The Bristol Royal Infirmary Inquiry the “Kennedy Report” was conducted between October 1998 and July 2001 and chaired by Professor Ian Kennedy. The Inquiry was divided into two phases. In Phase one the focus was on events in Bristol. Evidence from 577 witnesses including 238 parents was received in writing. Phase two was on the future and what to do with professionals who get too big for their boots. One hundred and eighty papers were submitted to seven seminars in which 150 participants from the NHS and the public and private sectors took part. It was highly critical of the way professional regulation was undertaken in some professions and it made a number of recommendations. It should have influenced and countered professional self-regulation and to a great extent it did. Self-regulation of professionals within organisations such as a Health Trust, it did not address and this is a theme that John O’Hara identifies time and again in his report.
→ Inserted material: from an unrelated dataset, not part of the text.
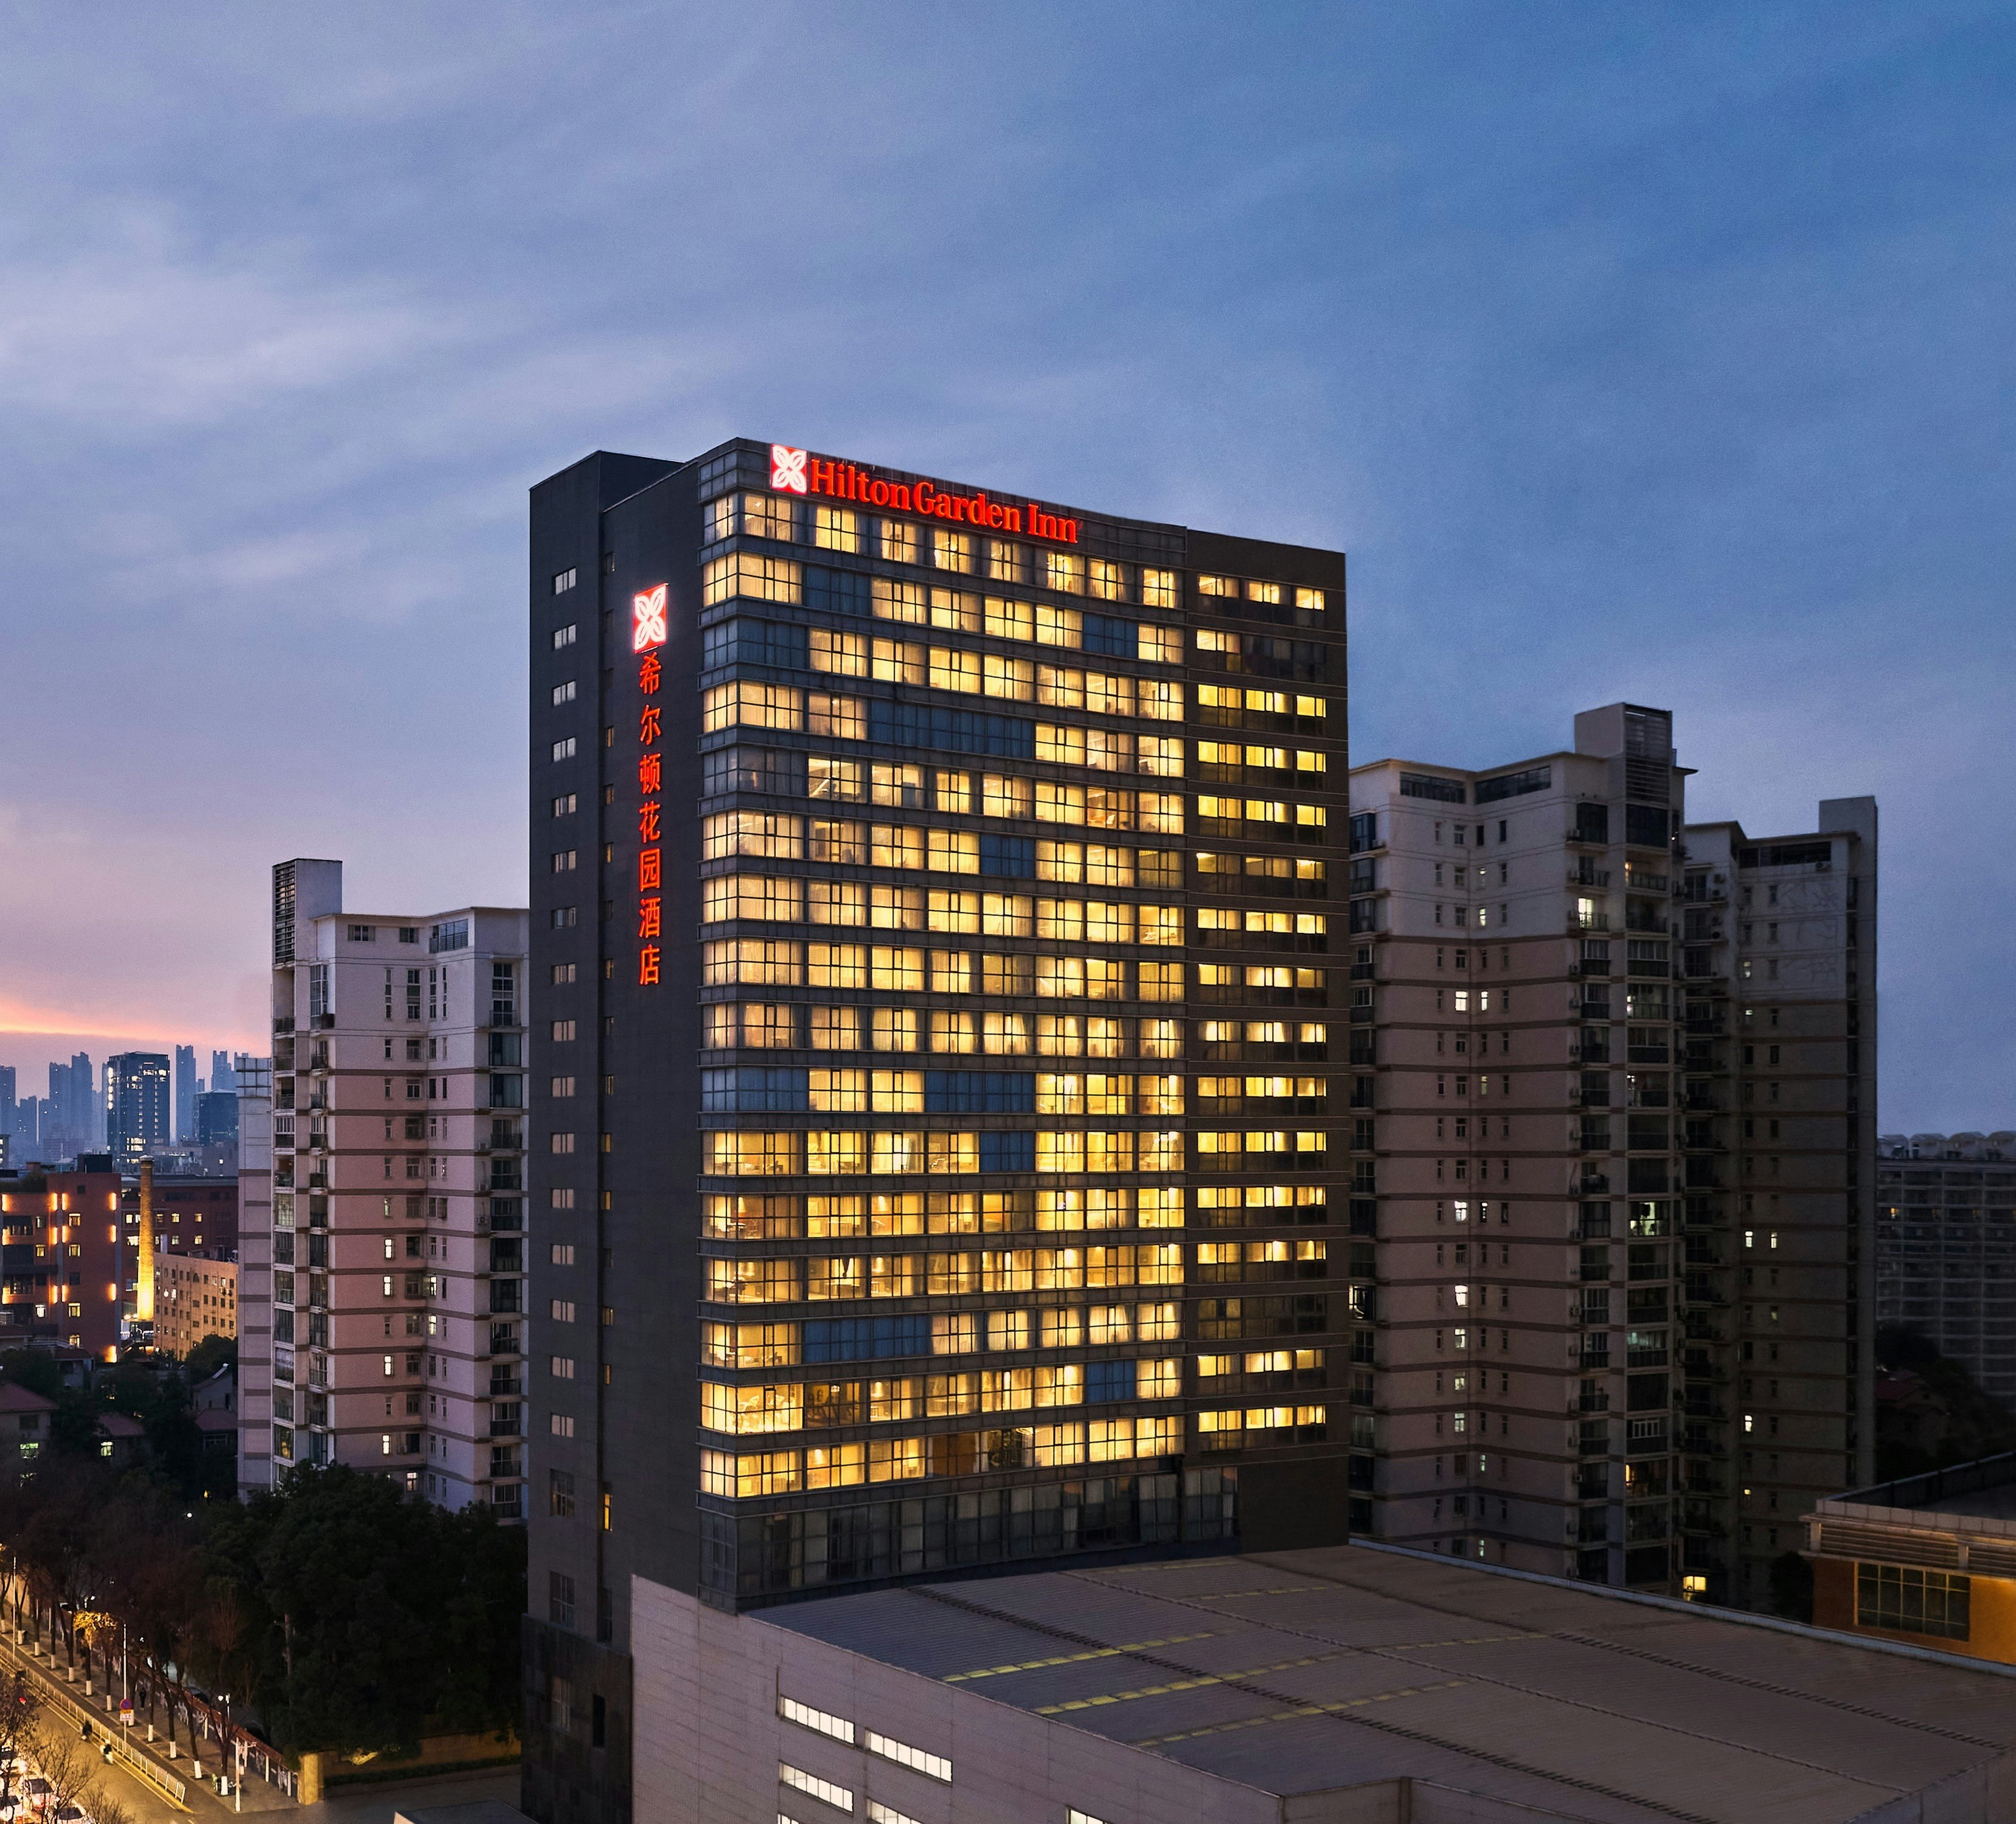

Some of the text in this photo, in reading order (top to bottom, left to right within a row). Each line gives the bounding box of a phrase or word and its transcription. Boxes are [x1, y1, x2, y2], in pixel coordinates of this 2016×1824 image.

And then we had the Francis Report into failings in Mid-Staffordshire. Robert Francis’s report on poor care at the Mid-Staffordshire Hospital Trust attempts to establish what went wrong and what needed to be done to ensure that such things do not happen again. His report makes dull bed-time reading but it is also a disturbing indictment of how bad basic hospital care can get when a systems-focus culture usurps basic care and compassion. Why did care staff keep drinking water out of reach of thirsty patients? One patient was found drinking water from her flower vase! Why did no one think that un-eaten food might not suggest satiety but rather an inability to feed oneself? And why did someone prescribed insulin not receive the drug and die in a diabetic coma?
What Francis found was that staff in this chaotic hospital simply didn’t care. Systems: the counting of widgets and writing of reports, took precedent over the dignity and the care of people. There was an air of arrogance that suggested that patients were lucky to be treated in that hospital by professionals as good as them. Managers, only concerned with targets, created a culture of fear which resulted in low staff morale. Clinical staff simply disengaged from managers who refused to give matters of clinical governance priority.
Something happened in Mid-Staffordshire that destroyed the professional caring culture that should exist implicitly within such an organisation. Culture again is key. Yet Francis did not pursue this sufficient robustly. Rather he pursued the systems approach recommending a set of “Fundamental Standards”. It is interesting that Francis recommends that his fundamental standards “should be limited to those matters that it is universally accepted should be avoided for individual patients who are accepted for treatment by a healthcare provider”.
And so we are here with another damning report, this time the lack of care of children in N. Ireland. It is professional arrogance that Sir John is particularly scathing of and which he is keen to remedy. Remedying it will not be easy but a statutory duty of candour, as proposed, would go some way to achieving this. Too concerned with their personal reputations; healthcare professionals and senior managers are guilty too often of putting themselves about patients and families. An attempt to get a statutory duty of candour implemented failed to be completed a few years back. When you mess up, no matter who you are, you need to own up and accept the consequences. Failure to do so is arrogance. Failure to own up is too expensive in terms of; lives lost in the future, time lost in direct patient care and money lost in holding expensive inquiries – the O’Hara report cost around £14 million. Let’s hope Sir John’s report proves to be money well spent.